Ring was hacked because the victims used the same password across multiple websites and those other websites had data breaches.

You can't really do anything about this, no matter how great your security is.

I suppose Ring could enforce 2FA across the entire platform, but many people wouldn't accept this and they would lose customers.

I use a password manager and don't reuse any password for any site and have 2FA enabled on all of my important accounts. The problem is that most people don't want to be inconvenienced.

[peacemakr_io]

I find punching in a username + password extremely inconvenient, and this is why I never create new accounts from scratch.
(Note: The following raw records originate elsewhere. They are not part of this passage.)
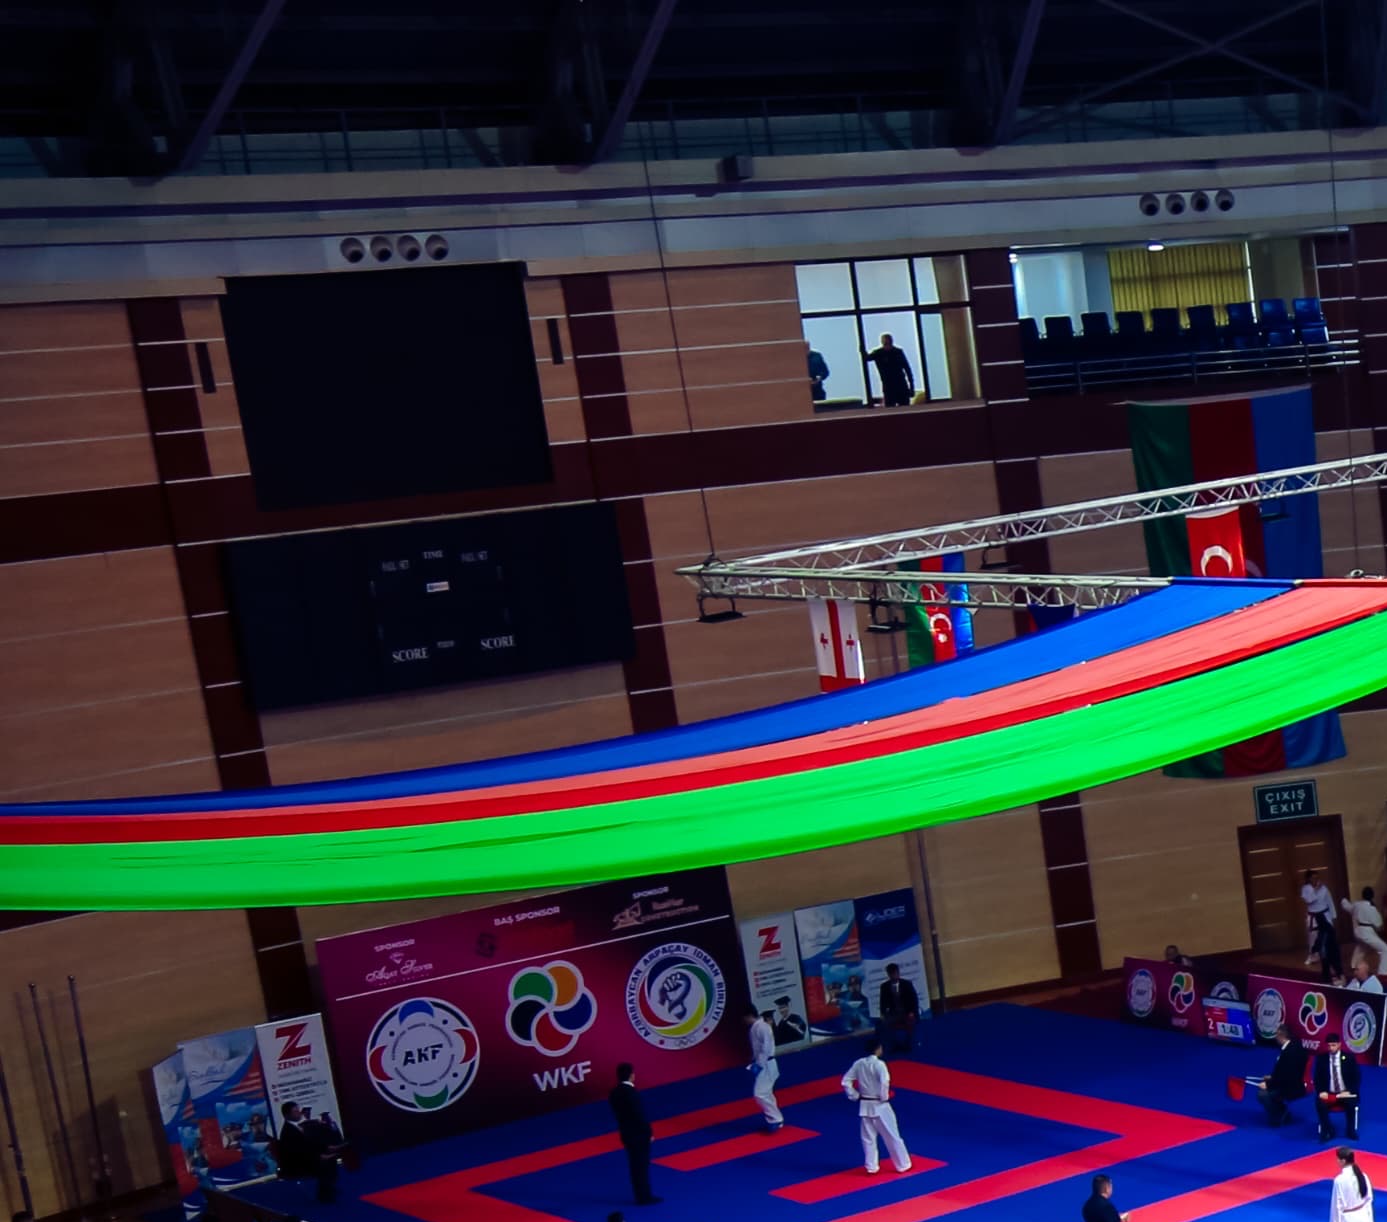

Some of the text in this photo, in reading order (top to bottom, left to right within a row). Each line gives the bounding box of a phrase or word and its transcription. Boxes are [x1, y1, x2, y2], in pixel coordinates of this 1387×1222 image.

[481, 635, 514, 650] SCORE
[392, 648, 428, 663] SCORE
[1269, 801, 1304, 814] EXIT
[632, 886, 670, 899] SPONSOR
[515, 906, 561, 922] SPONSOR
[374, 939, 415, 952] SPONSOR
[1207, 1017, 1214, 1029] 2
[1301, 1039, 1320, 1050] WKF
[403, 1043, 443, 1066] AKF
[277, 1057, 312, 1071] ZENITH
[533, 1060, 592, 1092] WKF
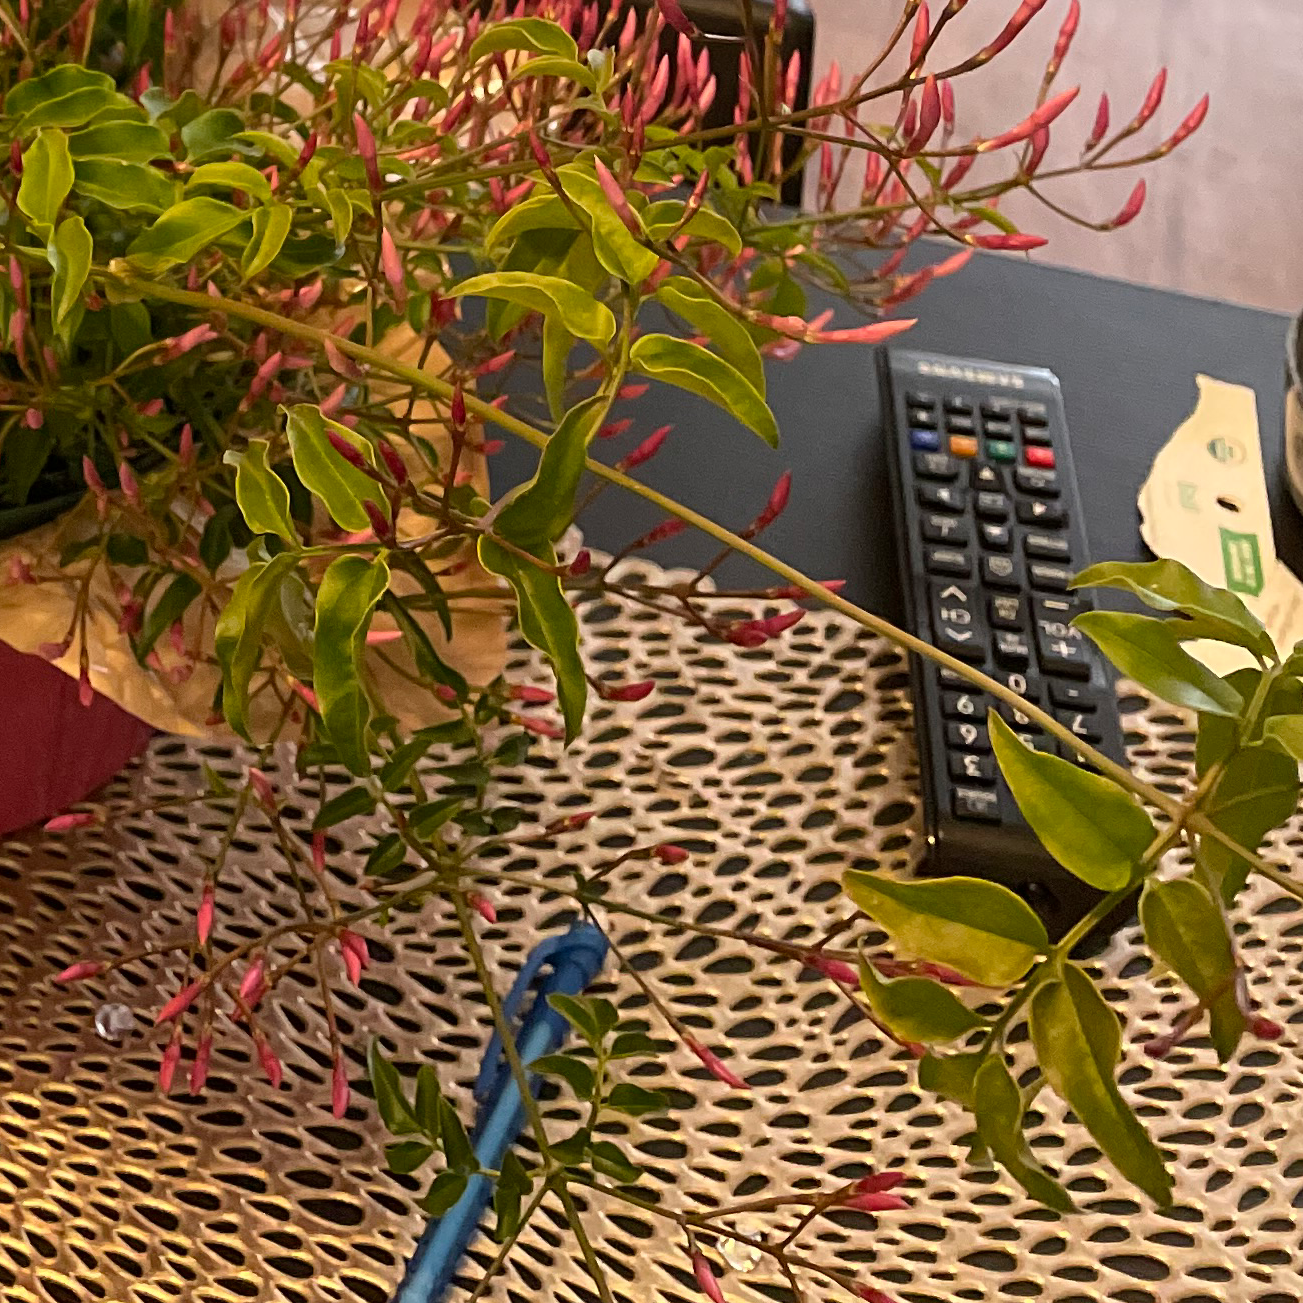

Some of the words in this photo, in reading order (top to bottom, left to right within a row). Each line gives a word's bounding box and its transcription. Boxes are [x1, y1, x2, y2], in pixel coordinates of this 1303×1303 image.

[1038, 619, 1083, 641] VOL
[956, 695, 975, 715] 9
[958, 723, 978, 745] 6
[1072, 714, 1088, 735] 7
[963, 755, 982, 777] 3
OpenIDConnect is integrated across several platforms, and allows for us to centralize authN and authZ behind a single secure trusted Identity Provider, such as google auth, facebook auth, github auth - whatever make the most sense for your audience. It's the same idea as password-manager, a single trusted login, but better, because there's no password-management nonsense.

I'd argue is not the failure of user, but, the failure of the tech community.
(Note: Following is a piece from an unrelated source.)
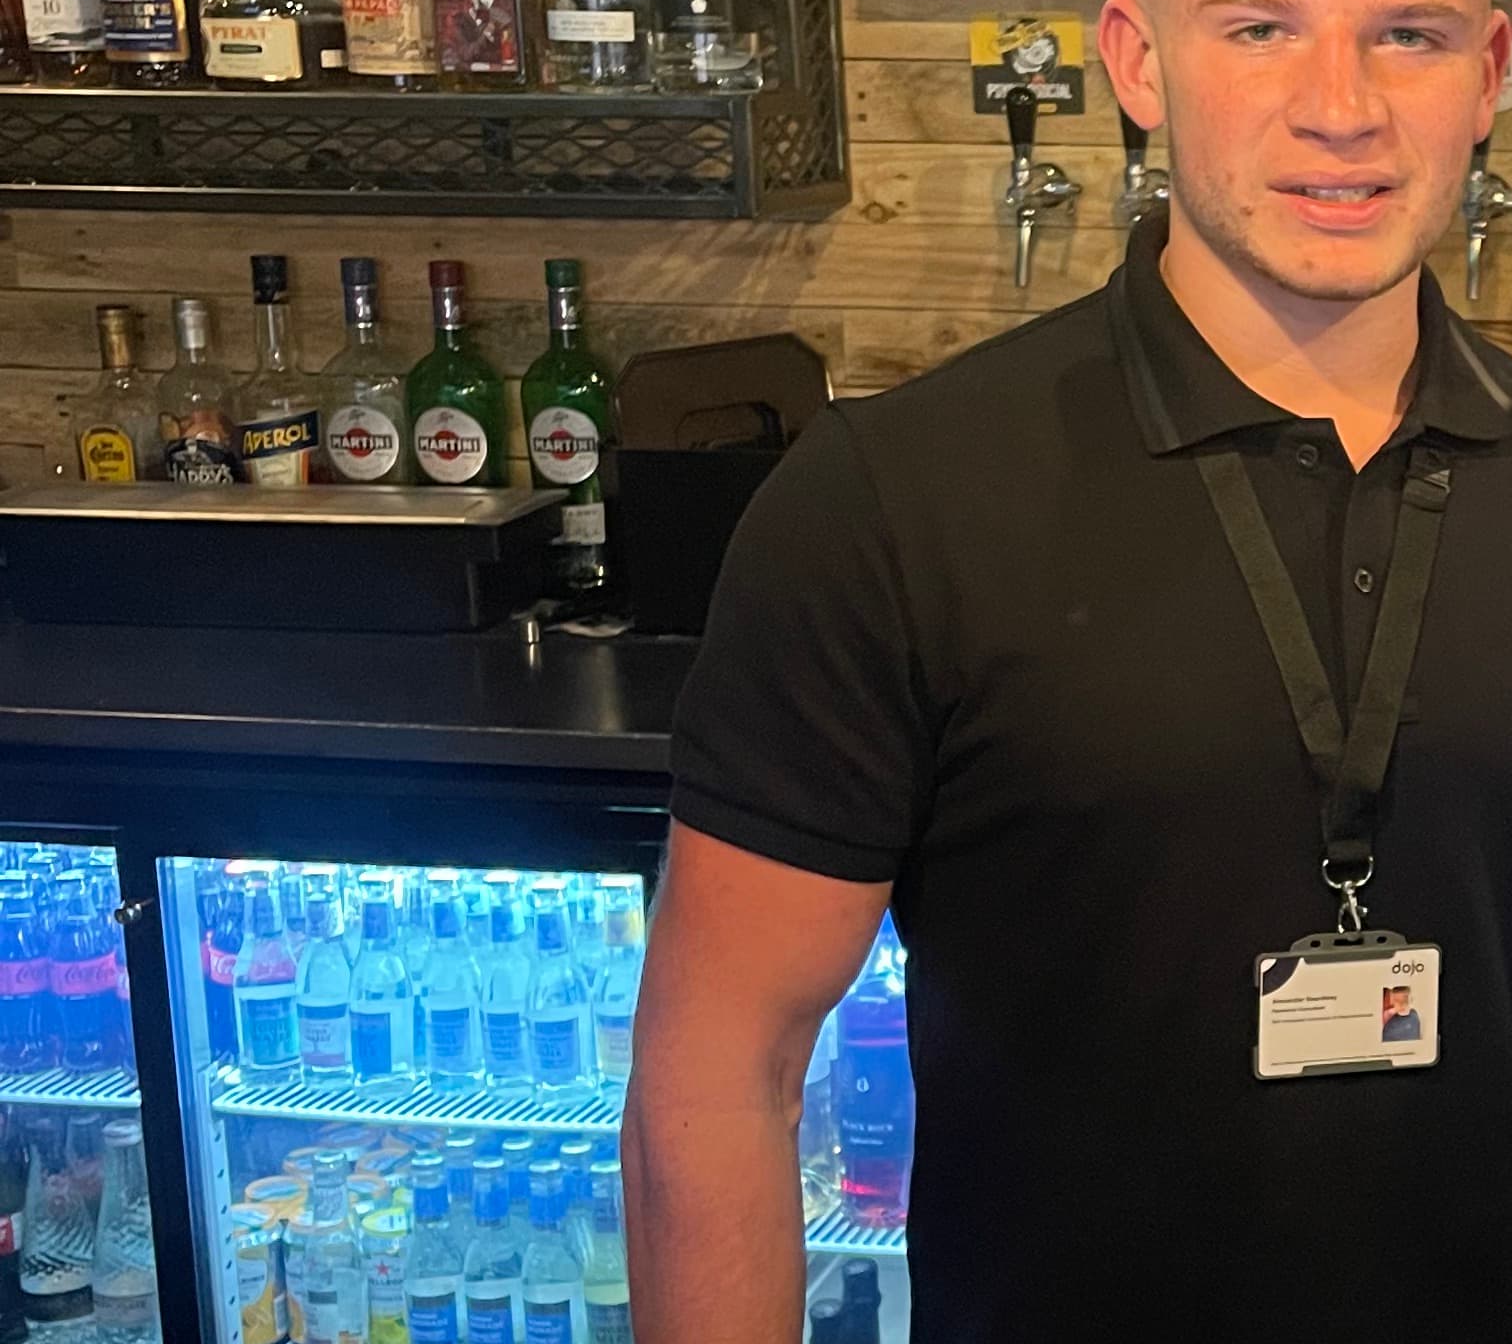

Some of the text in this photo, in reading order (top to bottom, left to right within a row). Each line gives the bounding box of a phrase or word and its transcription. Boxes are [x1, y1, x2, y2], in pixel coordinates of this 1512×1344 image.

So what I am hearing from you is "user authentication" is your greatest security challenge?

[bernierocks]

"google auth, facebook auth, github auth"

So you now have a handful of failure points. I also am against the idea of building my entire user base off of someone else's platform. It's just asking for trouble down the road.

"I find punching in a username + password extremely inconvenient, and this is why I never create new accounts from scratch."

Security is really never convenient. You need to have a good balance between the two. A password manager is pretty convenient, even my non-tech savvy parents can use one.

"So what I am hearing from you is "user authentication" is your greatest security challenge?"

No. I was making a comment about the recent Ring hacks and how if you are a startup and the exact situation happens, there isn't much you can do beyond telling users to use different passwords or forcing a password change.

Even if you have the most secure encryption in place and all the best security procedures, if your users pick terrible passwords (or another site gets hacked and they use the same password), they will get their accounts hacked.